> INFORMATION
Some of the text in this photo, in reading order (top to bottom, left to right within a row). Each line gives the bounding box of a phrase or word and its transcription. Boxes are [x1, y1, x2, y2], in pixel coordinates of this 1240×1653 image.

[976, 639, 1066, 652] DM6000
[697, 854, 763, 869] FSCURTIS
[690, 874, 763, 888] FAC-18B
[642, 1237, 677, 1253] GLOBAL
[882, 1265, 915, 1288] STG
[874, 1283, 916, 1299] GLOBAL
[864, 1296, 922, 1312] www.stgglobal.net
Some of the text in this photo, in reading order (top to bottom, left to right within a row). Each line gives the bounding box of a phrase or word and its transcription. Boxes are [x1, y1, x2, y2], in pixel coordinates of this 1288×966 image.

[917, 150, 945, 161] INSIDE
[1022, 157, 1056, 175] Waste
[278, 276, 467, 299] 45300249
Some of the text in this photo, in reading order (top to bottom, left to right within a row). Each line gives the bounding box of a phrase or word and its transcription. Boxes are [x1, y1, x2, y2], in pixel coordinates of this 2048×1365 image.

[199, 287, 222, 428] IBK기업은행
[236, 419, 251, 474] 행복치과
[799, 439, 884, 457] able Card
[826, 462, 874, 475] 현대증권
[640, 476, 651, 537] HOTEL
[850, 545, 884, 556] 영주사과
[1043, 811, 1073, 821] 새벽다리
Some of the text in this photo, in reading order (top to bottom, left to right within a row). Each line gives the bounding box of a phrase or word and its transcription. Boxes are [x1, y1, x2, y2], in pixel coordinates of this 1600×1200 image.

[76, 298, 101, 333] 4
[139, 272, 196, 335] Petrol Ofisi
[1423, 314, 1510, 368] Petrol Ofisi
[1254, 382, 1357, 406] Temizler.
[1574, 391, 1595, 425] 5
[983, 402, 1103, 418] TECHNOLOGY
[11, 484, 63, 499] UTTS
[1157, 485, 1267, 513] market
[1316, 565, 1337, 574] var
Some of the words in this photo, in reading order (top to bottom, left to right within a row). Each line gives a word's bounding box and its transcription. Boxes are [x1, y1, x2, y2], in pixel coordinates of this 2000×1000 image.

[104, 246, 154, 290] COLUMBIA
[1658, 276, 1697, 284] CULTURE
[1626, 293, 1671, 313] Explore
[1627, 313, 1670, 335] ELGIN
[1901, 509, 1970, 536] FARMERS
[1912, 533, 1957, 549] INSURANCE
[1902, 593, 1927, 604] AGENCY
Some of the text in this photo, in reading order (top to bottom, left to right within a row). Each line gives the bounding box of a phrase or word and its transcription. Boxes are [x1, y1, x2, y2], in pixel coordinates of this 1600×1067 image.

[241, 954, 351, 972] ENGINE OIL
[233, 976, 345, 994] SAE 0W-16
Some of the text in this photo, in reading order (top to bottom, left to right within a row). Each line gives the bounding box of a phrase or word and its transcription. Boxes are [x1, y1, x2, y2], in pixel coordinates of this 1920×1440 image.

> EXERCISE
All lines from the one with "Some of the words" to the end of the records must be set down exactly. Skip every line before it.

> OUTPUT OF THE EXERCISE
Some of the words in this photo, in reading order (top to bottom, left to right within a row). Each line gives a word's bounding box and its transcription. Boxes are [x1, y1, x2, y2], in pixel coordinates of this 2000×1000 image.

[104, 246, 154, 290] COLUMBIA
[1658, 276, 1697, 284] CULTURE
[1626, 293, 1671, 313] Explore
[1627, 313, 1670, 335] ELGIN
[1901, 509, 1970, 536] FARMERS
[1912, 533, 1957, 549] INSURANCE
[1902, 593, 1927, 604] AGENCY
Some of the text in this photo, in reading order (top to bottom, left to right within a row). Each line gives the bounding box of a phrase or word and its transcription. Boxes are [x1, y1, x2, y2], in pixel coordinates of this 1600×1067 image.

[241, 954, 351, 972] ENGINE OIL
[233, 976, 345, 994] SAE 0W-16
Some of the text in this photo, in reading order (top to bottom, left to right within a row). Each line gives the bounding box of a phrase or word and its transcription. Boxes are [x1, y1, x2, y2], in pixel coordinates of this 1920×1440 image.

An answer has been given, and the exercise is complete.